## [Data in this exercise]
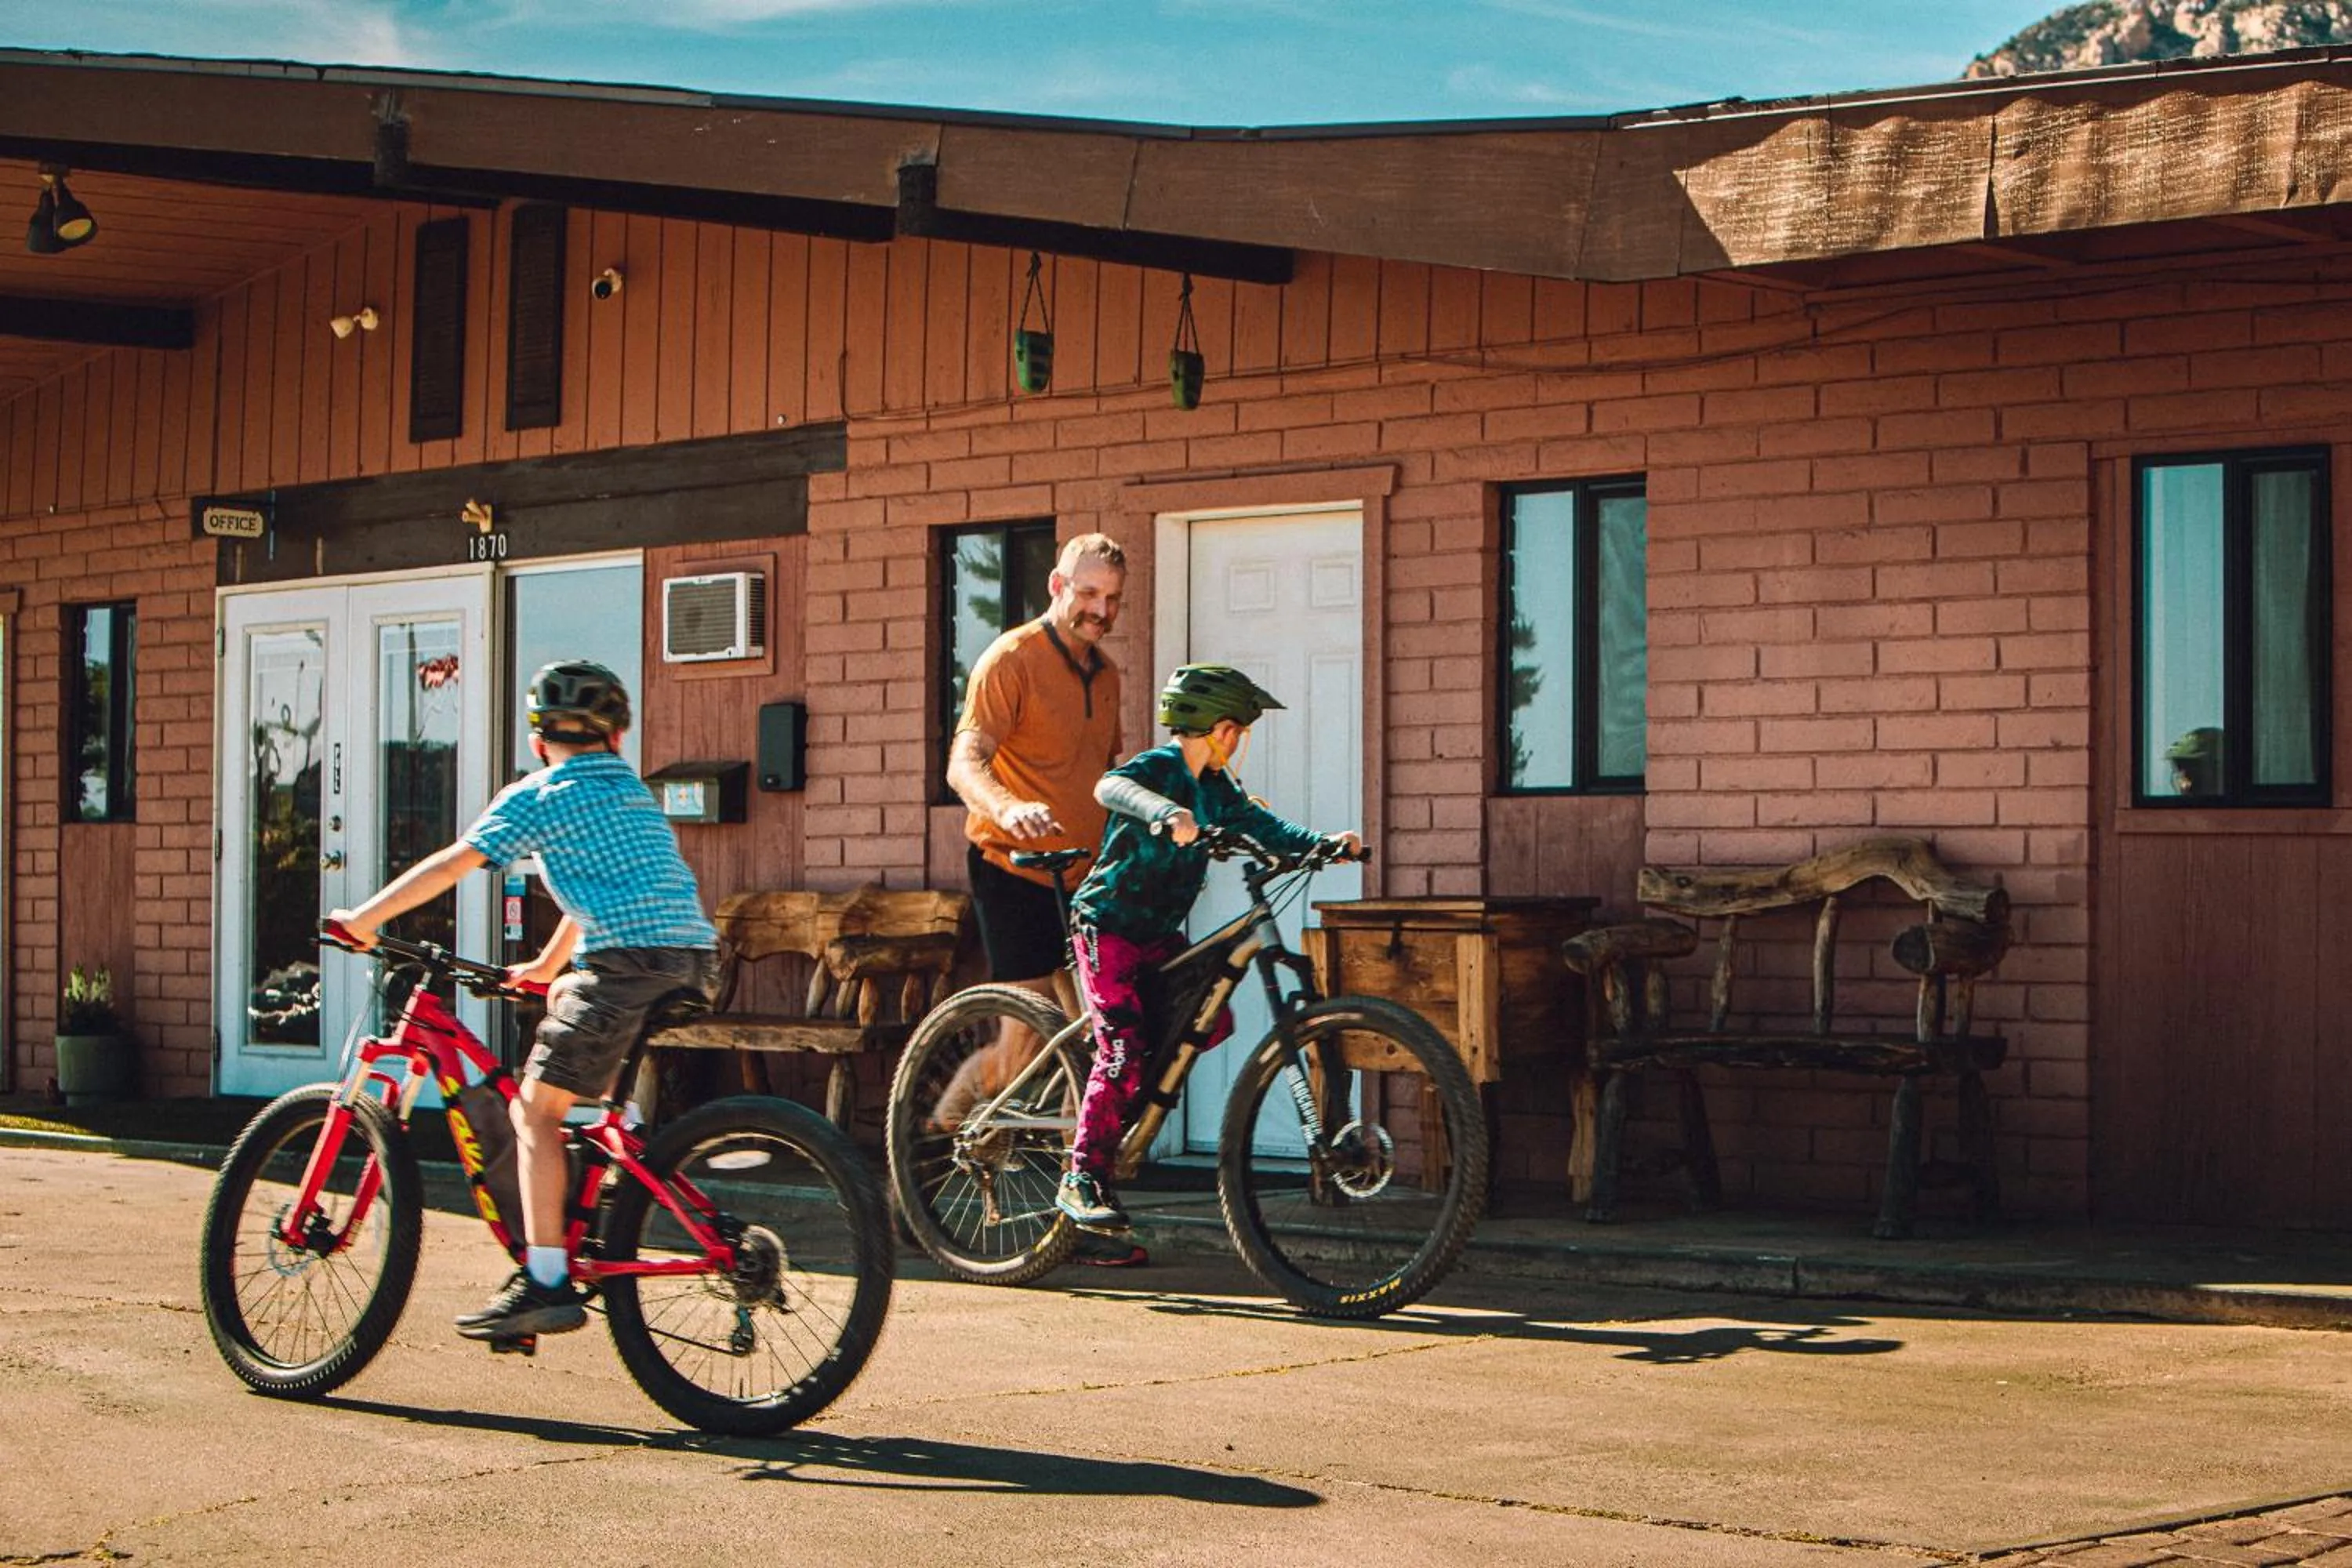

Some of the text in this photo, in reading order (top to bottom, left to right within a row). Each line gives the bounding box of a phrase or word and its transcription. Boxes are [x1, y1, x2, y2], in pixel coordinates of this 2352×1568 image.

[209, 514, 257, 532] OFFICE
[470, 534, 507, 560] 1870
[1340, 1276, 1402, 1305] MAXXIS
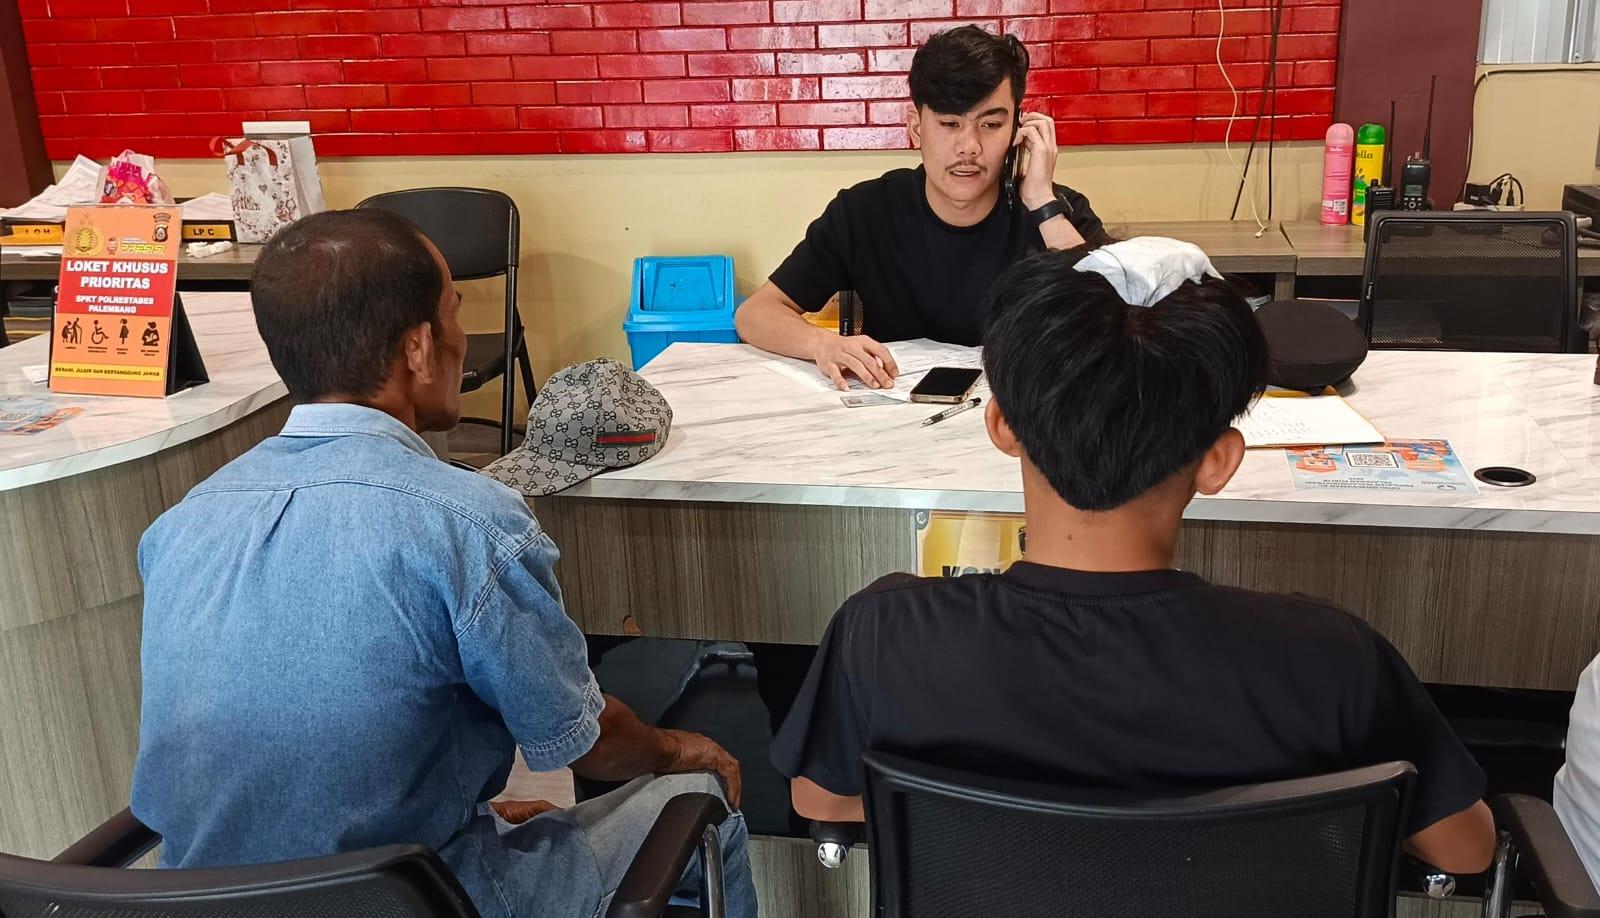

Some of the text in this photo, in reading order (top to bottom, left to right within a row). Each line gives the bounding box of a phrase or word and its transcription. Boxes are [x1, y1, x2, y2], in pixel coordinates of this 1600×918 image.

[192, 228, 204, 236] LP
[66, 260, 168, 274] LOKET KHUSUS
[80, 276, 151, 289] PRIORITAS
[76, 295, 154, 305] SPKT POLRESTABES
[88, 305, 137, 313] PALEMBANG
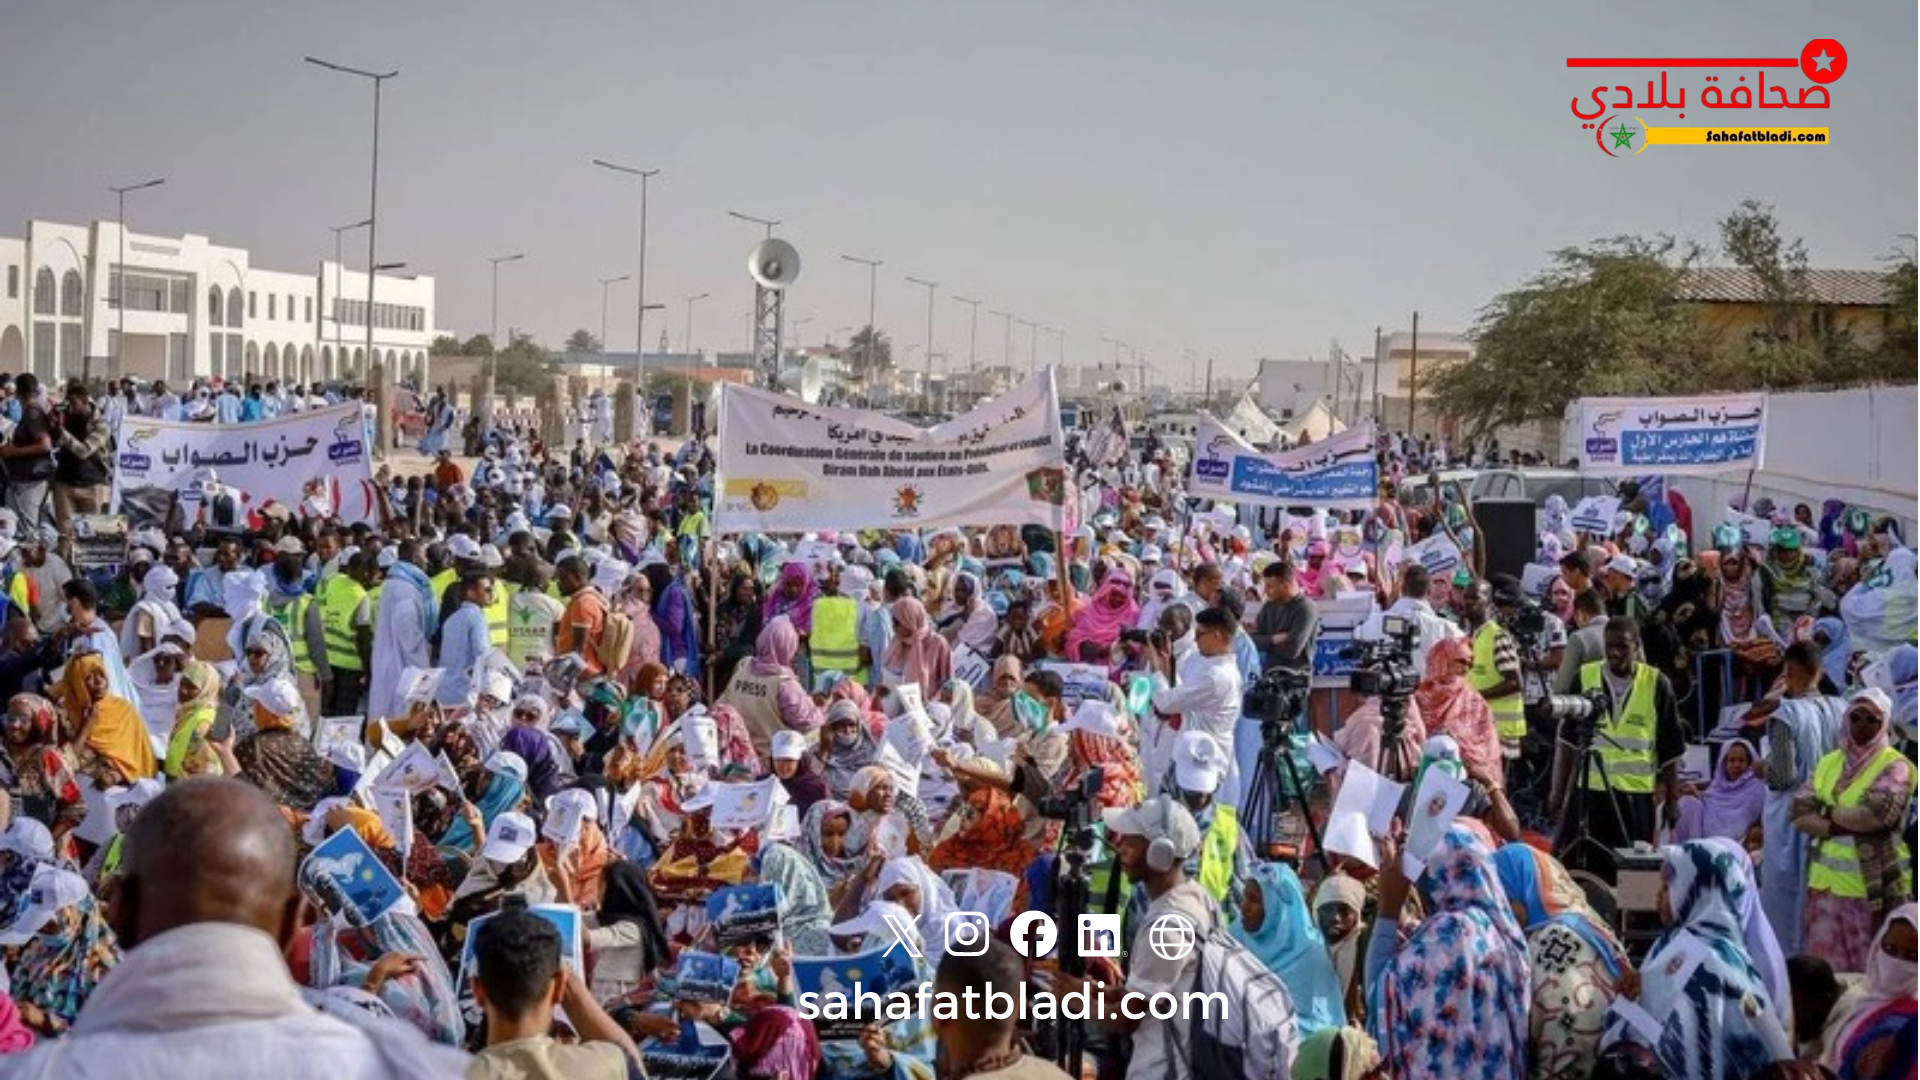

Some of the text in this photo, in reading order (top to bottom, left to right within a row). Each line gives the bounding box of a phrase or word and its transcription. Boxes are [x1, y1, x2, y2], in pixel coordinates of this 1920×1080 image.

## [Task requirements]
When repeating the entries, leave out every picture and keep the rest exact.

## [Solution to this task]
Some of the text in this photo, in reading order (top to bottom, left to right within a row). Each line gives the bounding box of a phrase or word and its transcription. Boxes are [x1, y1, x2, y2], in pixel coordinates of this 2352×1568 image.

[209, 514, 257, 532] OFFICE
[470, 534, 507, 560] 1870
[1340, 1276, 1402, 1305] MAXXIS

Some of the text in this photo, in reading order (top to bottom, left to right within a row). Each line gives the bounding box of a phrase or word and its transcription. Boxes are [x1, y1, x2, y2], in pixel coordinates of this 1600×918 image.

[192, 228, 204, 236] LP
[66, 260, 168, 274] LOKET KHUSUS
[80, 276, 151, 289] PRIORITAS
[76, 295, 154, 305] SPKT POLRESTABES
[88, 305, 137, 313] PALEMBANG

Some of the text in this photo, in reading order (top to bottom, left to right within a row). Each line gives the bounding box of a phrase or word and its transcription. Boxes are [x1, y1, x2, y2], in pixel coordinates of this 1920×1080 image.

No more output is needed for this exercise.